Call the centre of the circular patch (in which there is a magnetic field changing at a rate $\dot B$), 'O'. Call the ends of the rod 'P' and 'Q', and its midpoint, 'M'. Write PQ$=l$, OM$=h$. Then the emf induced around triangle OPQ will be:
$$\mathscr E = \text{area of triangle OPQ}\times \dot B= \tfrac 12 lh\dot B.$$
However, there is no emf in either OP or QO, the radial sides of the triangle. Such emfs and their associated electric fields would, by symmetry, have to be radially outwards for all radii or radially inwards for all radii, and that is ruled out by Gauss's law, as there is no 'central' charge.
So the emf we have calculated will be induced along PQ. The emf will cause charges to move in the rod until the pd due to the charges is equal in magnitude to the emf (so that there is no net electric field in the rod). So...
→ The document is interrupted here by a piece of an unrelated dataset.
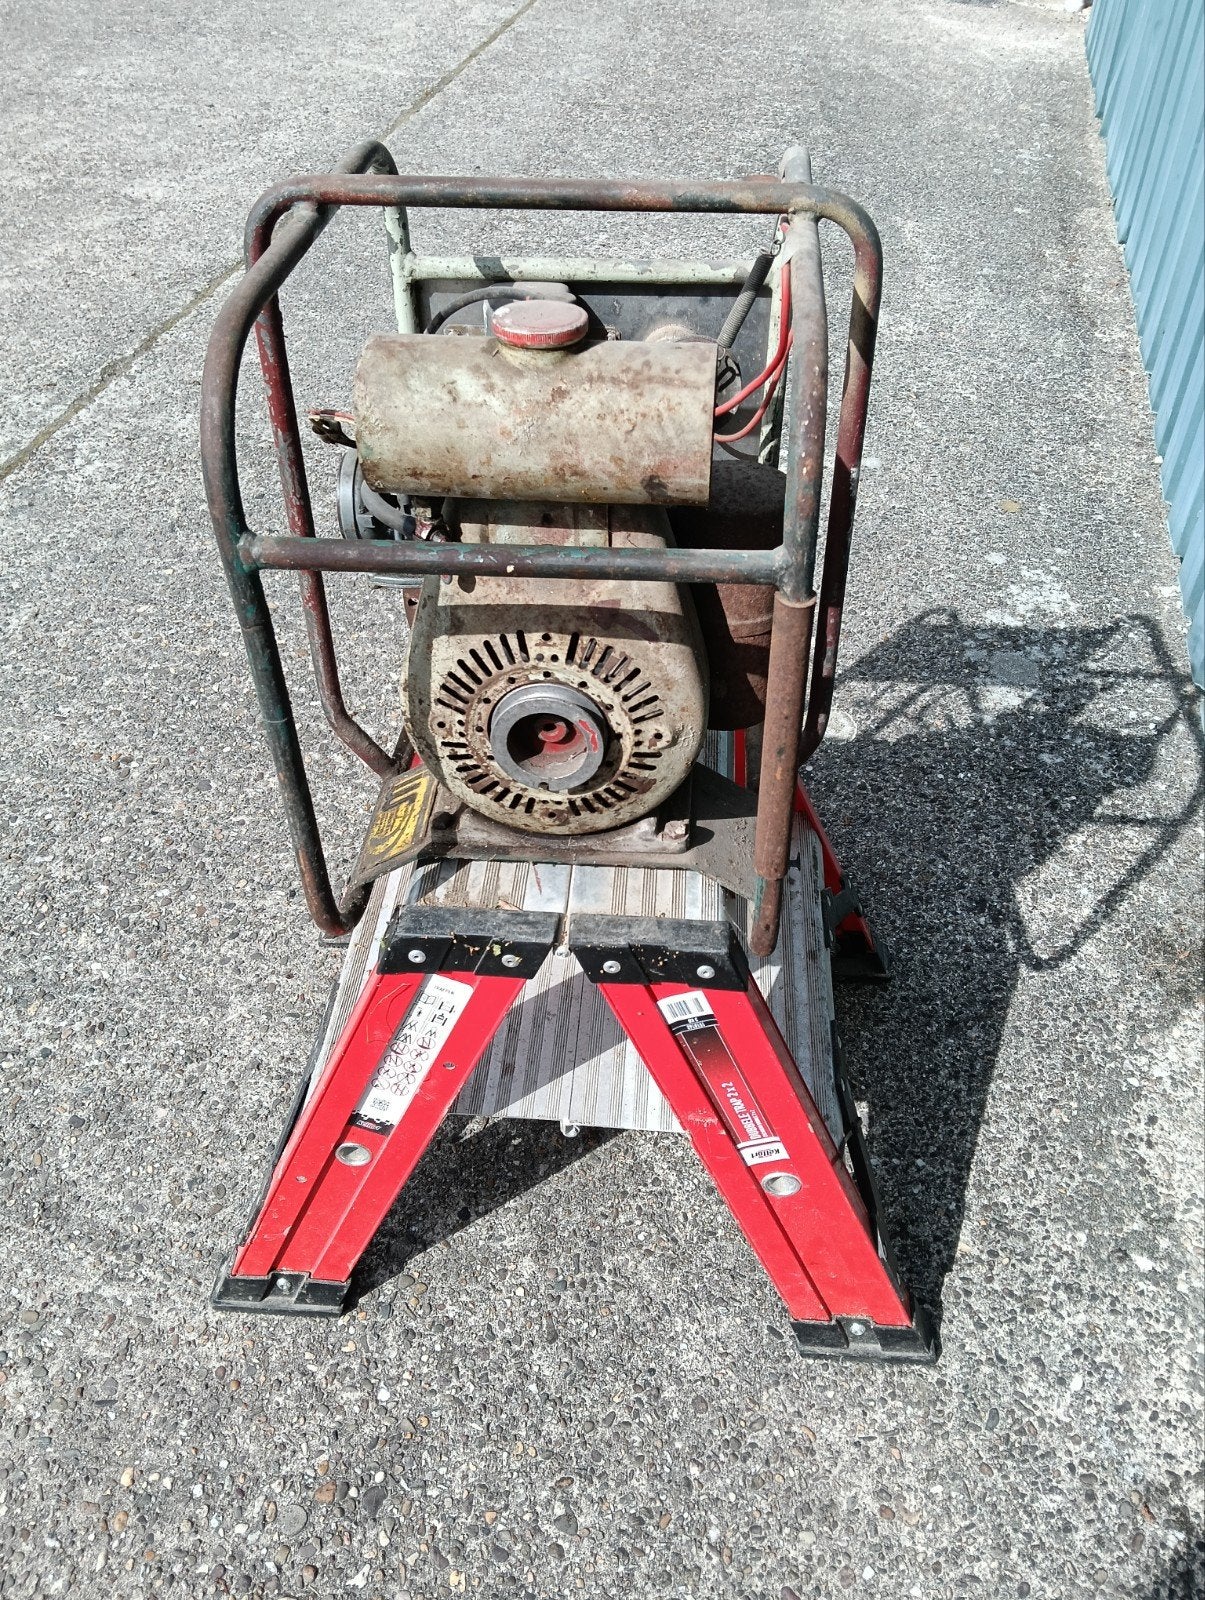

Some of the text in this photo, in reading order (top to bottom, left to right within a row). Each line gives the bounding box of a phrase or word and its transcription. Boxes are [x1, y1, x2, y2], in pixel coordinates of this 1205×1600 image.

[725, 1090, 739, 1098] 2
[728, 1096, 747, 1113] TRAP
[737, 1112, 760, 1139] DUBBELE
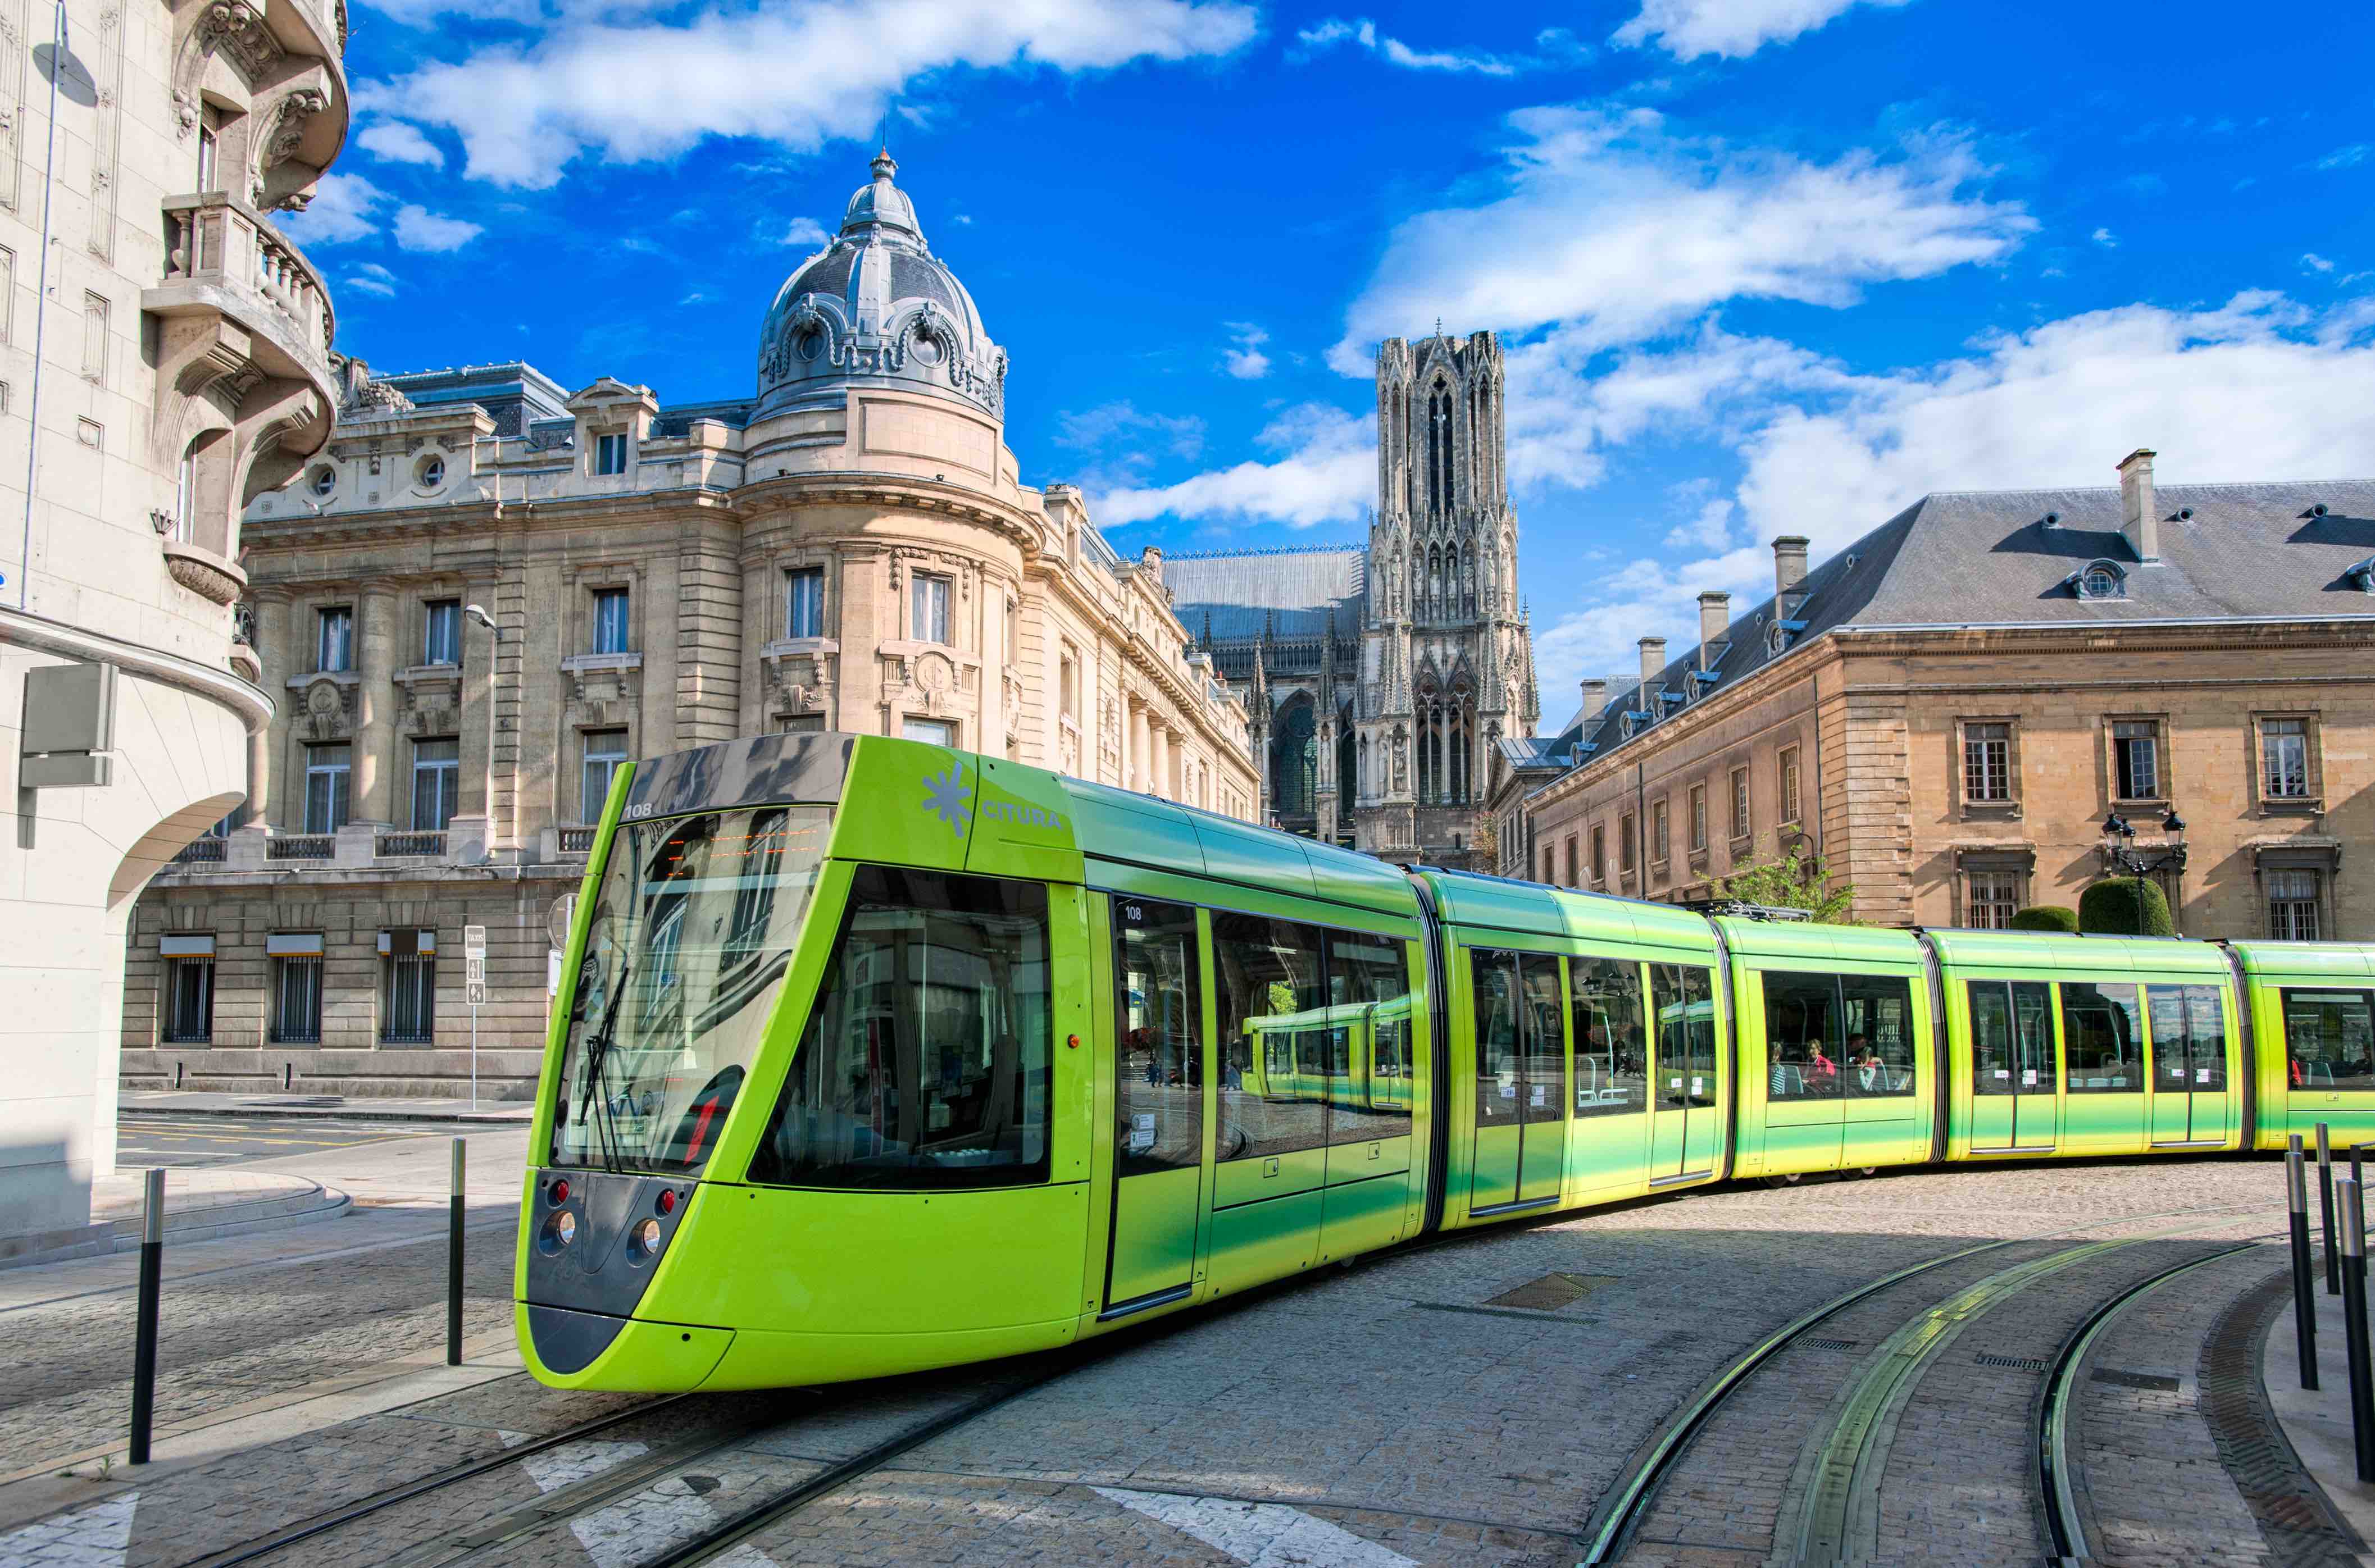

$$\text{pd between ends of rod} =\tfrac 12 lh\dot B.$$
Note: treating the rod as part of the triangle OPQ was done just for convenience of calculation. It is not essential to choose the closed loop OPQ, nor indeed any closed loop. A more physically direct method is to use the result (obtainable from $\vec \nabla \times \vec E=-\frac{d\vec B}{dt}$, Stokes's theorem and symmetry) that at distance $r$ from O the electric field is tangential to a circle centred on O and of magnitude $E=\tfrac 12 r\dot B$. It is easy to show that the component of this field parallel to PQ is $E_\text{PQ}=\tfrac 12 h\dot B$ all along PQ, giving the same value for the emf induced in PQ as calculated earlier!